Similarly, Edward Said used to celebrate the university, especially the Western university, as the last bastion of freedom. Columbia University, Edward Said’s place of employment, in 2007, had invited Mahmoud Ahmadinejad, the then President of Iran, to speak to the faculty and students despite the fact that the USA and Iran were not enjoying friendly relations. Ahmadinejad had come to New York to participate in the General Assembly of the United Nations Headquarters in New York, therefore, he could visit Columbia and talk to the audience.

By inviting Ahmadinejad, Columbia University had upheld the long tradition of healthy debate and listening to those whom the state declares persona non grata or enemies.

As Ursula Le Guin and Edward Said have indicated, writers, teachers, and universities will be the last places where freedom can be imagined, and perhaps preserved, after the oppressive side of technological rationality dominates the spaces created by those who have upheld the tradition of debate and doubt.

Freedom of expression, a value of post-enlightenment humanist thought, has been one of the most celebrated, misused and misunderstood tenets of Western thought. The problem with this tradition is that it has been selectively applied. During his speech at Columbia University, Ahmadinejad raised this issue: if the freedom of expression involves all types of speech, can someone deny the Holocaust in the West and not go to prison?

He raised another issue: why do the Palestinian people have to pay for an atrocity that was committed in Europe by a European leader? This selective use of the freedom of expression in the West is how an idea that might become a universal value becomes a problematic idea. For example, a movie that celebrates Algeria’s independence from France was not allowed to be released (remained banned) in France for five years because it portrays the events from an "Algerian point of view." Eventually, France allowed the film to be screened. Many decades later, even the Pentagon was showing it for discussing counter-terrorism strategies.

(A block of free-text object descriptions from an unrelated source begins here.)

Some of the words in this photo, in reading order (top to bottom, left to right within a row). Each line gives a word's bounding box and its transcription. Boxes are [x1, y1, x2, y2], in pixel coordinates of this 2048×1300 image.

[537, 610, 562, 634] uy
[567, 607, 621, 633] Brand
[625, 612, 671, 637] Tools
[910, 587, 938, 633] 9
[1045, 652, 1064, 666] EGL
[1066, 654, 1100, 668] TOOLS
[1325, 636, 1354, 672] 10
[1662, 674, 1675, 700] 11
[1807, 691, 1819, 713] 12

We have to find a more organic/native/closer-to-home alternative to the debate surrounding free expression. There is something to be learnt from the debacle and controversy surrounding the Eurocentric interpretation of the freedom of speech here.

The university in the West, however, remains the site where the idea of the freedom of expression is taken seriously and the academic world has institutionalised certain practices to protect professors who espouse controversial ideas. A tenured professor in a Western university is almost impossible to remove even if he/she is involved in disseminating ideas that the general public dislikes.

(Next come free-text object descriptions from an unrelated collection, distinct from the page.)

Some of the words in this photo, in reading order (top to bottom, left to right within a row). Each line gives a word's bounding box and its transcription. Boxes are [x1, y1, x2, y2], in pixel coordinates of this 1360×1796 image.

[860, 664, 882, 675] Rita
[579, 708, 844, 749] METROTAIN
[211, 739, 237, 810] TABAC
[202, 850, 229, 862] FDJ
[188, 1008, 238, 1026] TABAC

A famous example of this is the Edward Said stone-throwing affair of 2000. During a visit with his family to Lebanon, Edward Said visited the border area from where Israeli soldiers had withdrawn and a wall had been built. Edward Said picked up a stone and joined the crowd throwing stones towards Israel and was photographed throwing a rock towards Israel.

The pro-Zionism lobby in the US started demanding Edward Said’s removal from Columbia and began calling him "professor of terror." Eventually, Columbia University had to issue a statement titled, "On the Matter of Edward Said" stating that "We do not believe in a speech code at Columbia, nor shall we act as a speech police." The Provost of Columbia University then went on to cite John Stuart Mill in defence of Edward Said’s action, "If all of mankind minus one were of one opinion, mankind would be no more justified in silencing that one person than he, if he had the power, would be justified in silencing mankind" (Mill, On Liberty).

We, in South Asia, have another kind of history of freedom of speech which must be acknowledged before we start relying on the West’s ideas of freedom of expression. We have Shah Hussain, Bulleh Shah, Kabir (whose verses are included in the holy scriptures of the Sikhs) and South Asian ethos, starting from ancient books to the kafis of the Sufis, before the arrival of British colonisers was highly amoral.

The Kamasutra and the temples illustrating all the possible positions of carnal forms of conviviality were an affront to the British who believed the people of South Asia were in dire need of Victorian/Christian values. British colonialism ended up reducing the freedom of expression in this region by creating laws that criminalised entire castes and tribes through the Criminal Tribes Act of 1871.

We have to find a more organic/native/closer-to-home alternative to the debate surrounding free expression. There is something to be learnt from the debacle and controversy surrounding the Eurocentric interpretation of the freedom of speech here. Ironically, it was the US which supported Ziaul Haq who curtailed innumerable freedoms in Pakistan because the Soviet Union was imagined to be in favour of certain ideas and the US needed a more capitalism-friendly interpretation of Islam.

In the end, we will have a civilisation where Shah Hussain’s shrine is threatened by terrorists and John Stuart Mill is not available to us because we did not develop a grounded, local, organic system through which to celebrate our self and its all-inclusive voices.